Raw Honey, the second album from Drugdealer commences with You've Got To Be Kidding, the most impossibly gorgeous piece of instrumental music imaginable. It's an invitation to go back to the early Seventies should you choose to accept it.
Because this is the DNA of this record and this outfit. You've never heard so many quietly crying guitars, plaintive vocals, padding drums, rolling piano and rock solid bass working together with such single minded conviction. On second track Weyes Blood, fresh from her own magnificent Titanic Rising album guests on Honey to drive the point home, and any uncommitted listener will have made up their mind already whether they want to stay aboard for the rest of the ride.

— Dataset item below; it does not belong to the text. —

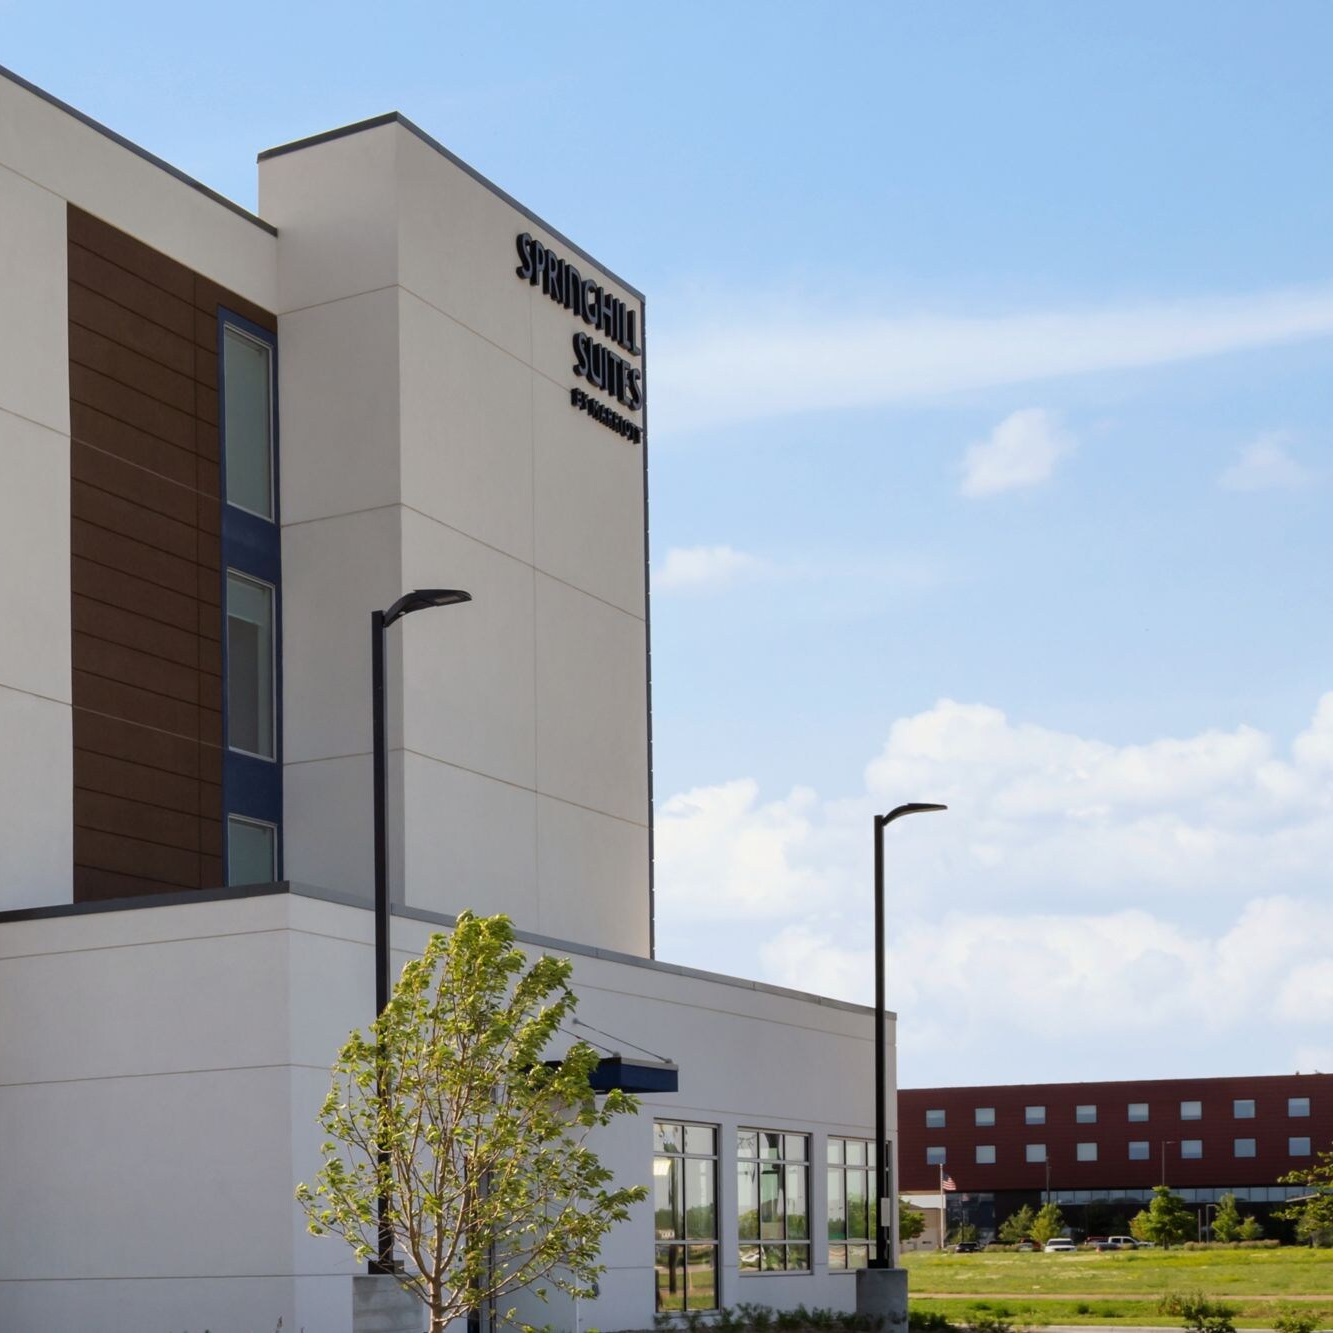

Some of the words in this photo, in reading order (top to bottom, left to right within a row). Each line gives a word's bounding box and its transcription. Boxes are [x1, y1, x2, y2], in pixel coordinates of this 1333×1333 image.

[517, 232, 641, 355] SPRINGHILL
[570, 388, 589, 411] BY
[573, 332, 642, 411] SUITES

I did so, though the sugar, and honey, are piled on mightily heavily at times. If you chose to, you could surely gorge yourself senseless on watching old episodes of The Brady and Hair Bear Bunch and if you did then Raw Honey would surely be on the record player. Why you might want to is another matter. The end result is sadly somewhat hit and miss.
Every note here, every studio effect, every immaculately arranged burst of longing backing vocals is located utterly between the release dates of Nilsson Schmilsson and Rumours. If that's your dream destination then this might be the record for you but even then you would probably also see at times where the need for Punk was born.
It's not really a patch on Titanic Rising, which takes off from a similar launch pad but manages to produce an overall effect that somehow makes complete sense in 2019. Raw Honey is something of a conceit by comparison, plods much more than it should do given that this is clearly a sincerely meant labour of love and probably won't make you want to dust down your old Wings albums just yet. Or rush out to buy some if you don't have any. I liked quite a bit of it but ultimately felt it doesn't really convince.